When a pitcher steps in the circle clinging to a one-run lead with the bases loaded, two outs, and a full count — it’s time to lean on their out pitch.
Most will have one pitch they’ll always go to, while some might go to a variety of pitches depending on the day and the hitter.
The Oklahoman spoke with four of college softball’s top pitchers at the Women’s College World Series about their out pitch.
Here are their stories:
Lacey Waldrop, Florida State
Out Pitch: Dropball
Florida State’s Lacey Waldrop could hardly have a more appropriate name to go along with her out pitch.
The National Player of the Year goes to her dropball, which has fittingly been coined the “Waldrop.”
“I’m just very confident in my dropball,” Waldrop said. “I can throw it for a strike, and I can throw it for a strikeout pitch. It’s just my go-to.”
Waldrop describes the dropball as working much like a split-finger fastball does in baseball, a fast pitch that ideally has a late downward break to fool hitters.
The junior only recently mastered the pitch and relied on it to help produce a 38-7 season with a 1.13 earned run average.

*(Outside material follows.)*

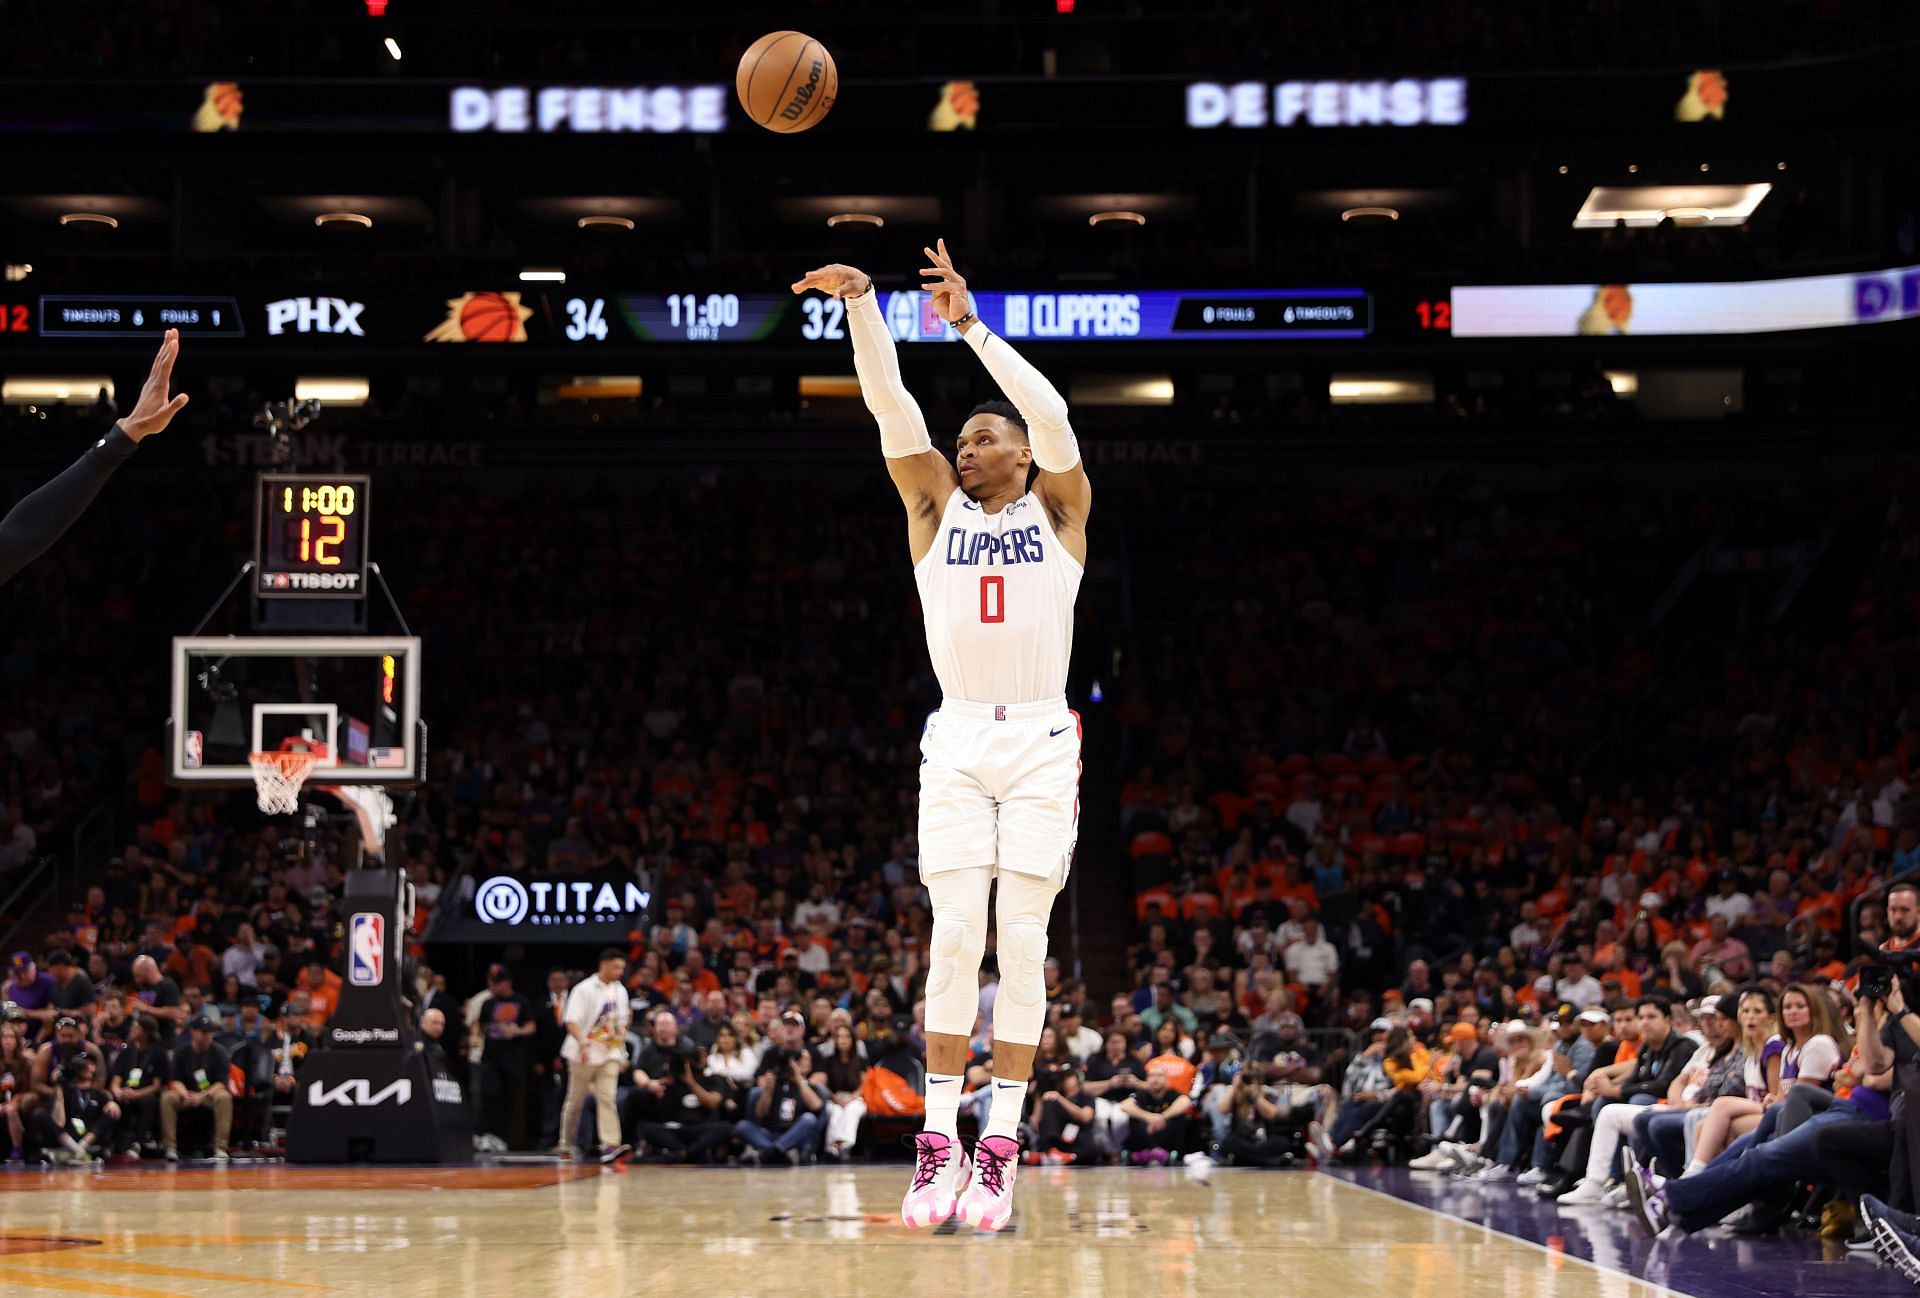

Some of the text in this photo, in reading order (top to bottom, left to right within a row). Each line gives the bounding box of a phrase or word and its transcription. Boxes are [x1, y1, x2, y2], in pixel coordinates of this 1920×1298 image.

“I didn’t really throw it very much until I got to college,” Waldrop said. “Coach (Lonni) Alameda really helped me develop it. It moves well and it’s a pretty good speed, so it’s just a good one to get a groundball on if it’s a 3-2 count.”
Cheridan Hawkins, Oregon
Out pitch: Riseball
While Oregon’s potent offense gets much of the notoriety, Ducks pitcher Cheridan Hawkins has quietly become one of the best pitchers in college softball behind her exceptional off-speed stuff.
If she’s in a jam, the sophomore first-team All-American has one pitch she always believes can get her out of it.
“I’m probably going to throw my riseball,” Hawkins said. “That’s definitely my go-to pitch for any situation. I think it’s just the movement. I’m not a big speed pitcher, I don’t overpower anybody. I just definitely work on spin, and this pitch has some of my better spin.”